Le bénéfice du régime micro-BIC est conditionné au respect de plafonds de chiffre d'affaires annuels, appréciés hors taxes. Ces seuils sont révisés tous les 3 ans en fonction de l'évolution de l'indice des prix à la consommation. Les plafonds applicables pour la période triennale 2023-2025, reconduits en 2026, sont les suivants :

Type d'activité Seuil de CA annuel HT
Vente de marchandises, fourniture de logement 188 700 €
Prestations de services BIC 77 700 €
Location meublée de tourisme non classée 15 000 € (depuis 2024)

Lorsqu'un entrepreneur exerce simultanément une activité de vente et une activité de services, le chiffre d'affaires global ne doit pas excéder 188 700 €, et la part liée aux services ne doit pas dépasser 77 700 €.

Le seuil s'apprécie sur l'année civile. Pour une création d'activité en cours d'année, le chiffre d'affaires est proratisé en fonction du nombre de jours d'activité. Par exemple, un entrepreneur qui débute le 1er juillet dispose d'un plafond réduit de moitié pour cette première année.

Le dépassement ponctuel d'un seuil sur une seule année ne provoque pas de sortie immédiate du régime. C'est le franchissement sur 2 années civiles consécutives qui déclenche le basculement (détaillé en section 8).

Abattement forfaitaire : comment est calculé l'impôt sur le revenu

Le mécanisme central du micro-BIC repose sur l'abattement forfaitaire. L'administration déduit automatiquement un pourcentage du chiffre d'affaires déclaré, censé couvrir l'ensemble des charges professionnelles : achats, loyers, assurances, amortissements, cotisations.

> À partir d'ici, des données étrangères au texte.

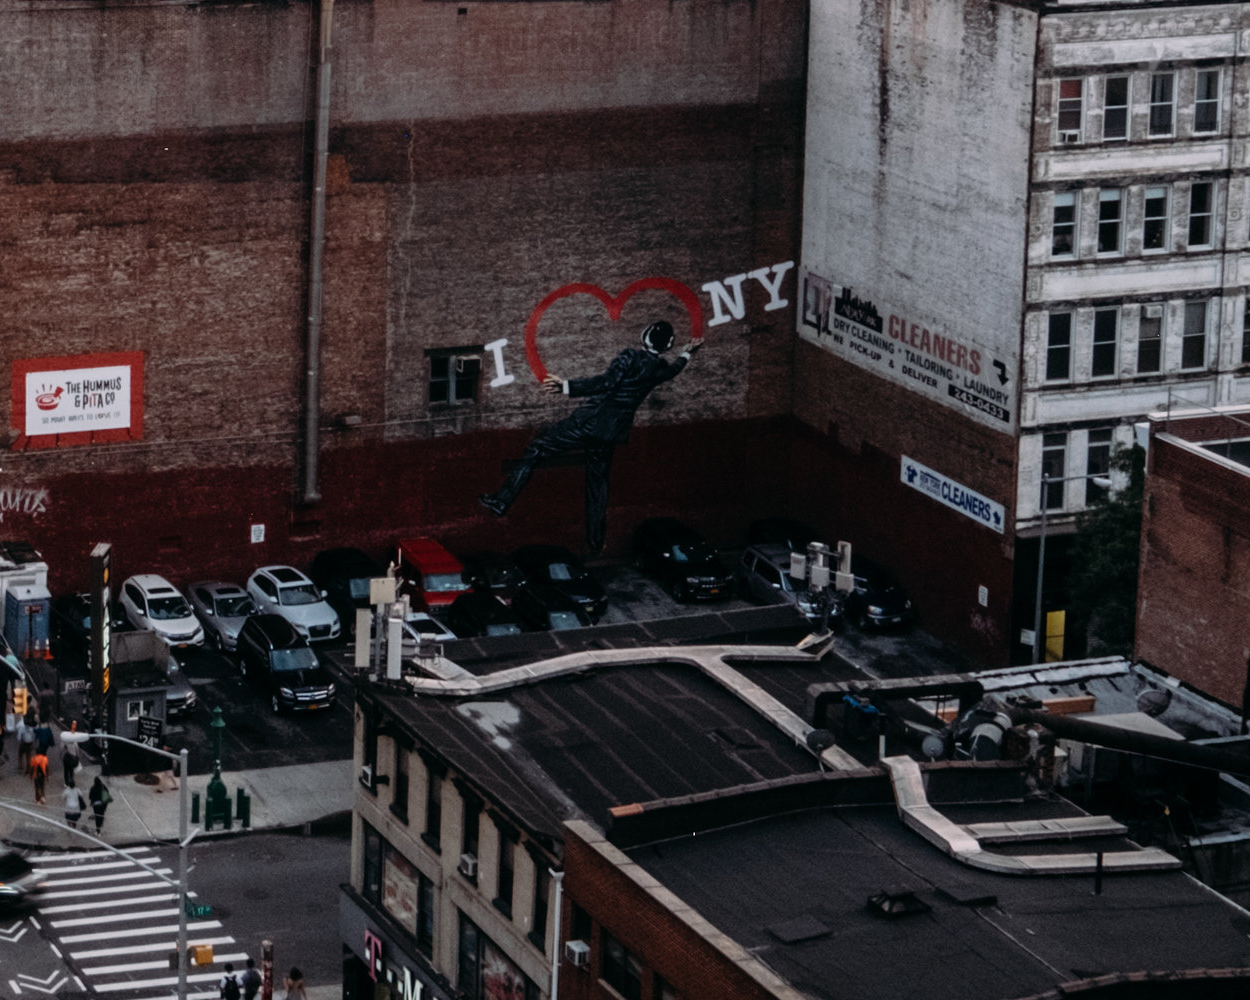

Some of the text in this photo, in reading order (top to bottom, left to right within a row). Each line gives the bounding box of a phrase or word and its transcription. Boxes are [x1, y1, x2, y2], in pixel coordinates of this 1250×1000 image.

Le bénéfice imposable est donc égal au chiffre d'affaires diminué de cet abattement, avec un plancher fixé à 305 €. Autrement dit, même si l'abattement calculé est inférieur à 305 €, le contribuable bénéficie au minimum de cette déduction.

Exemple concret : un artisan plombier réalise 60 000 € de chiffre d'affaires annuel en prestations de services. L'abattement de 50 % réduit sa base imposable à 30 000 €. Ce montant s'ajoute aux autres revenus du foyer fiscal et est soumis au barème progressif de l'impôt sur le revenu (tranches à 0 %, 11 %, 30 %, 41 % et 45 %).

Autre exemple : un commerçant en ligne encaisse 120 000 € de ventes. Avec un abattement de 71 %, son bénéfice imposable s'établit à 34 800 €.

Le point de vigilance est le suivant : si les charges réelles de l'entrepreneur dépassent le montant de l'abattement forfaitaire, le micro-BIC devient défavorable. Un artisan du bâtiment qui achète des matériaux pour 40 000 € sur un CA de 60 000 € supporte des charges réelles de 67 %, soit davantage que l'abattement de 50 %. Dans ce cas, le régime réel permettrait de déduire les charges effectives et de réduire la base imposable.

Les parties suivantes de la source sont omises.